What is the literary form of a Chabad maamar and how did Schneur Zalman shape it?

A Chabad maamar follows a recognizable structure that Schneur Zalman established and that all subsequent Lubavitcher Rebbes preserved. Each discourse begins with a verse from the weekly Torah portion or a phrase from the liturgy of the festival under consideration. The opening words of this verse give the maamar its title. The discourse then raises a difficulty or paradox in the verse — a tension between two interpretations, an apparent contradiction with another text, an unexpected word choice — and uses this difficulty as the entry point for an extended Kabbalistic exposition. The exposition draws on the Zohar, the writings of Isaac Luria, and earlier Hasidic teaching to develop a sustained reading that resolves the difficulty by showing the inner meaning of the verse within the Lurianic structure of reality. The discourse then returns to a practical application in the spiritual life of the listener, drawing out implications for prayer, contemplation, or ethical action. The whole movement from textual difficulty through metaphysical exposition to practical application typically takes ten to thirty pages of dense Hebrew prose. This form became the model for the Chabad maamar that all later Rebbes followed.

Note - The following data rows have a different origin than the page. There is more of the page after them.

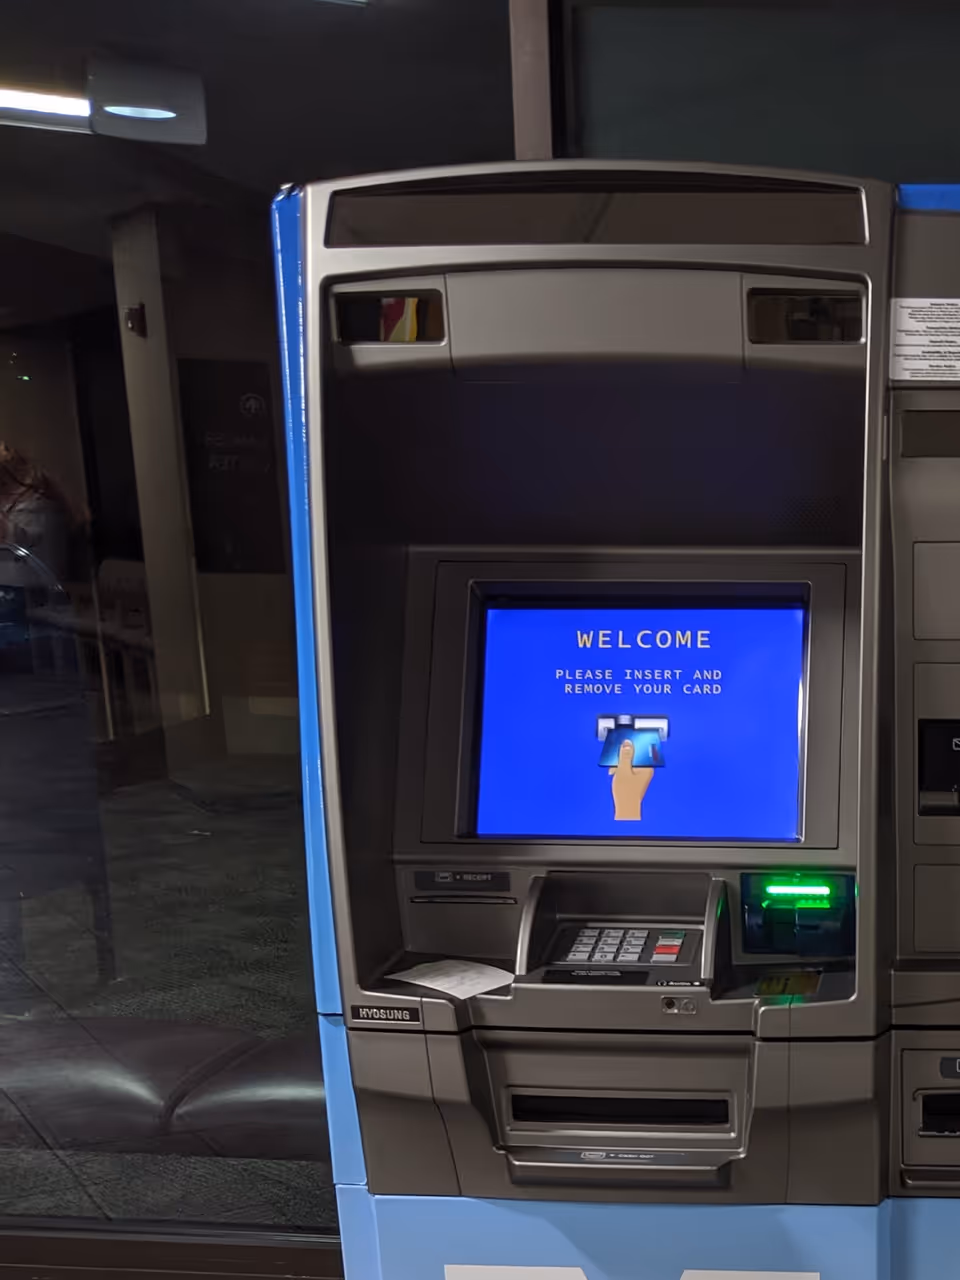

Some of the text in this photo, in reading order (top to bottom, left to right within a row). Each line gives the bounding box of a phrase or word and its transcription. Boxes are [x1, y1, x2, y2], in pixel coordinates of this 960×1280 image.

[576, 630, 712, 649] WELCOME
[555, 669, 722, 680] PLEASE INSERT AND
[564, 683, 722, 694] REMOVE YOUR CARD
[463, 873, 492, 881] RECEIPT
[358, 1007, 410, 1020] HYOSUNG

What is the doctrine of bittul and why is it central to the discourses?

Bittul, self-nullification, is the central spiritual teaching of Torah Or and Likkutei Torah and the inner aim of the entire Chabad spiritual program. Schneur Zalman teaches that the highest form of divine service is the cancellation of the ego before the divine reality, in which the soul recognizes that it has no independent existence apart from God. The discourses develop two distinct grades of bittul. Bittul hayesh is the nullification of the something — the recognition that finite reality depends utterly on the divine source and has no being of its own apart from that source. This grade can be reached through sustained contemplation of divine immanence and produces an inner state of humility and dependence. Bittul bemtziut is the higher nullification in essence — the recognition that the soul itself, even in its existence, is nothing more than a reflection of the divine. This grade can be reached only by the most advanced practitioners and corresponds to the experiences attributed to the highest tzaddikim. The discourses describe both grades in detail and connect them to the spiritual practices of prayer, Torah study, and observance of the commandments, providing the practitioner with a structured contemplative path toward progressively deeper self-nullification.

How are Torah Or and Likkutei Torah studied in contemporary Chabad practice?

The standard contemporary Chabad practice is to study the maamar that corresponds to the upcoming Shabbat or festival in the days leading up to the observance. A Hasid takes the discourse from Torah Or or Likkutei Torah that the Tzemach Tzedek arranged for that week, reads it slowly with the standard commentaries and cross-references compiled by later Rebbes, and allows the contemplation to shape his inner state in preparation for the Shabbat or festival prayers. The practice is supplemented by the daily study of Tanya as systematic foundation and by the formal classes (shiurim) on the maamarim that are taught at Chabad institutions worldwide. The contemporary educational network of Chabad-Lubavitch produces extensive audio and video shiurim on individual discourses, English-language commentaries and translations of selected maamarim through Sichos in English and similar publishers, and printed study aids that make the dense Hebrew text more accessible to readers without prior background in Lurianic Kabbalah. For serious students who want to master the Chabad tradition, the classical method of studying multiple discourses in succession alongside the writings of later Rebbes remains the preferred approach, and this method requires sustained immersion over many years.